Estimava-se que eles elegeriam menos de 20 deputados, num Parlamento unicameral
de 167 cadeiras. A razão disso estava na extraordinária
abstenção prevista entre os potenciais eleitores oposicionistas,
da ordem de 90%. Assim, a decisão da oposição também
se revestiu de ambigüidade, sua saída lhe conferindo uma imagem
de má perdedora. O chanceler Alí
Rodríguez Araque estimava ontem que a retirada da Ação
Democrática e do Copei, os dois mais tradicionais partidos de oposição,
contribuiu com 6 pontos porcentuais da abstenção, que foi
de 75%. É possível. A grande maioria dos não-chavistas
já havia decidido que não votaria, e o boicote oposicionista
parece ter sido mais conseqüência disso do que causa.
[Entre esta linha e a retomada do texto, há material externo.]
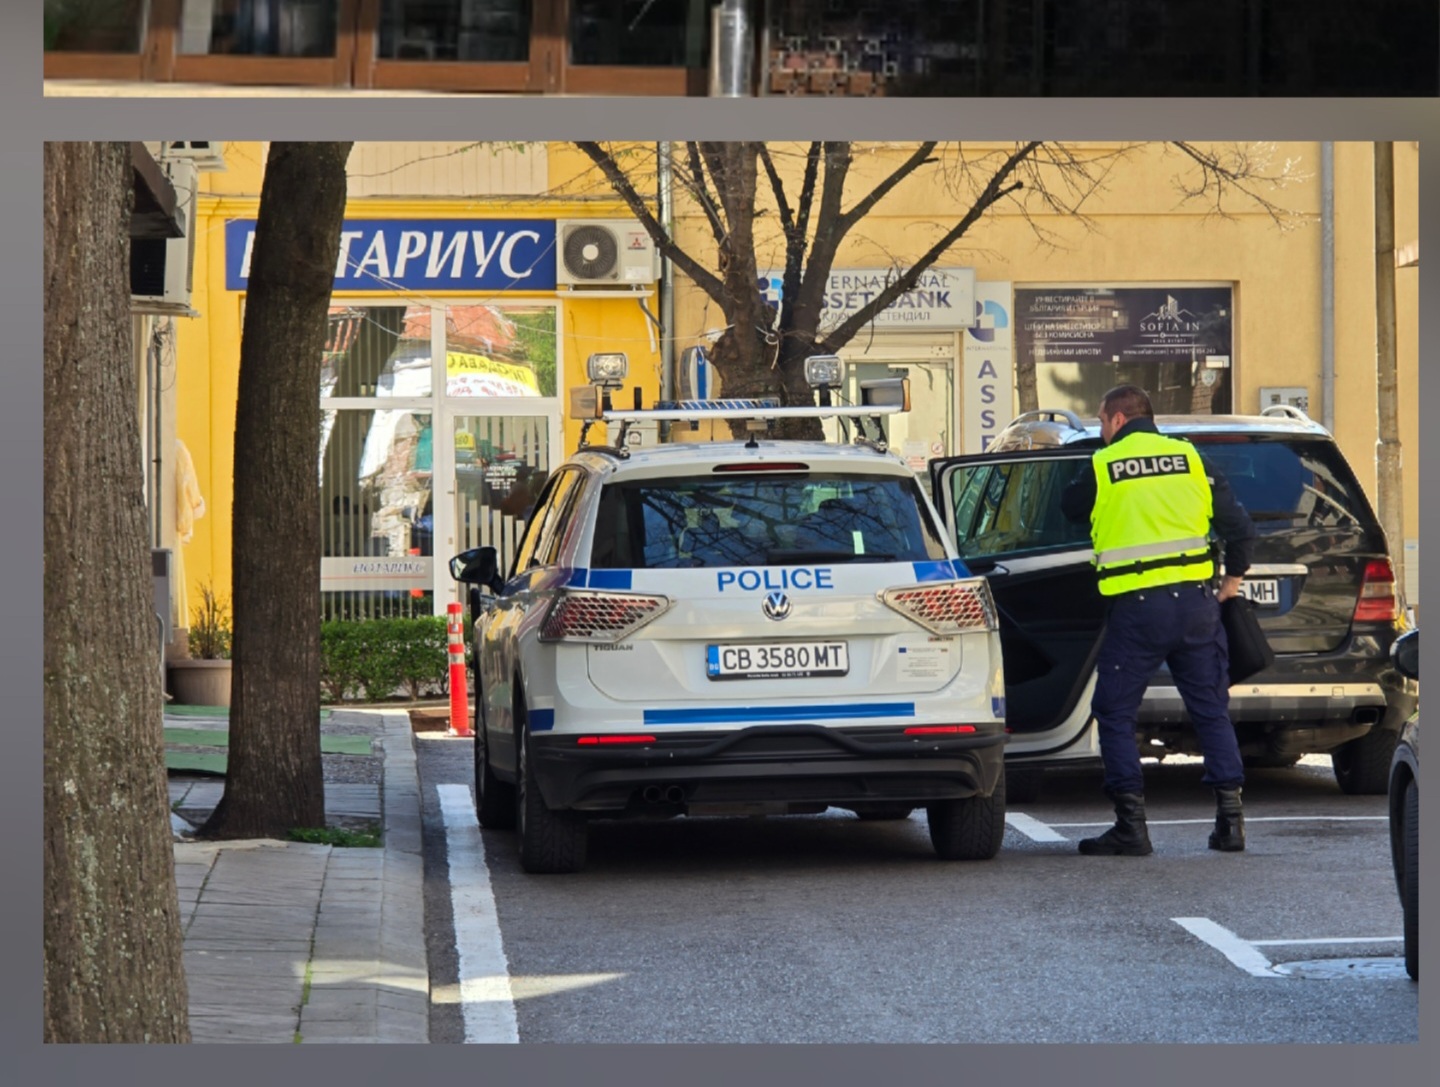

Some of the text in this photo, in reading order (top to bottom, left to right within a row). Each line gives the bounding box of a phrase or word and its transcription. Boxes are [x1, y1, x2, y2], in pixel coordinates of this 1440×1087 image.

De acordo com o instituto
Datanálisis, a aprovação do governo Chávez
está em 68%. Não é pouco, para quem governa há
sete anos. Essa aprovação, que pode estar relacionada aos
generosos gastos sociais do governo, impulsionados, em grande parte, pelo
alto preço do petróleo, não implica automaticamente
uma adesão ideológica. Ainda segundo o Datanálisis,
37% dos venezuelanos se identificam como chavistas; 46%, como não-alinhados,
e 13%, como oposicionistas. Assim, haveria, teoricamente, espaço
para pelo menos disputar quase metade do eleitorado. Entretanto, para entender
a "fadiga eleitoral" da oposição venezuelana,
como a define o cientista político Carlos Romero, é preciso
uma abordagem qualitativa. Ao longo desses sete anos, Chávez tem
utilizado todos os recursos à sua disposição - tanto
a popularidade quanto os meios oferecidos pelo Estado - para ampliar e
perpetuar o seu poder. A popularidade lhe serviu para, por meio de eleições
e referendos, moldar a Constituição e as leis de modo a
concentrar poder nas suas mãos e compor uma Corte Suprema que atua
a seu dispor. Chávez tem os três poderes nas mãos,
e mais do que nunca a partir de janeiro do próximo ano. Mas não é
só isso. Sem cerimônia, Chávez usa verbas do governo
para financiar os seus "grupos sociais", como se chamam agora
os antigos "círculos bolivarianos", rebatizados em razão
de sua má-fama, mas que continuam atuando como células de
mobilização popular de apoio ao presidente. Quando recebem
casas, cestas básicas, ajuda de custo para freqüentar a escola,
assistência médica, etc., os venezuelanos não consideram
que é o Estado ou o governo que lhes está dando isso, mas
Chávez, pessoalmente. O presidente também
usa sem pudor a televisão e a rádio estatais para o seu
culto pessoal e o ataque aos adversários. Na TV estatal venezuelana,
várias vezes por dia, passa um clip de Chávez declamando
um poema libertário, ao som de violões, além de intermináveis
bate-papos de partidários do presidente, falando do quanto é
boa a sua "revolução bolivariana", e de como a
oposição está entregue ao "imperialismo".
Ao lado disso, há
ainda a manifesta intenção do presidente de permanecer indefinidamente
no cargo. Eleito em 1998, Chávez promulgou uma nova Constituição
em 2000. Em 2001, elegeu-se novamente para o que passou a contar como
seu primeiro mandato de cinco anos sob a nova Constituição.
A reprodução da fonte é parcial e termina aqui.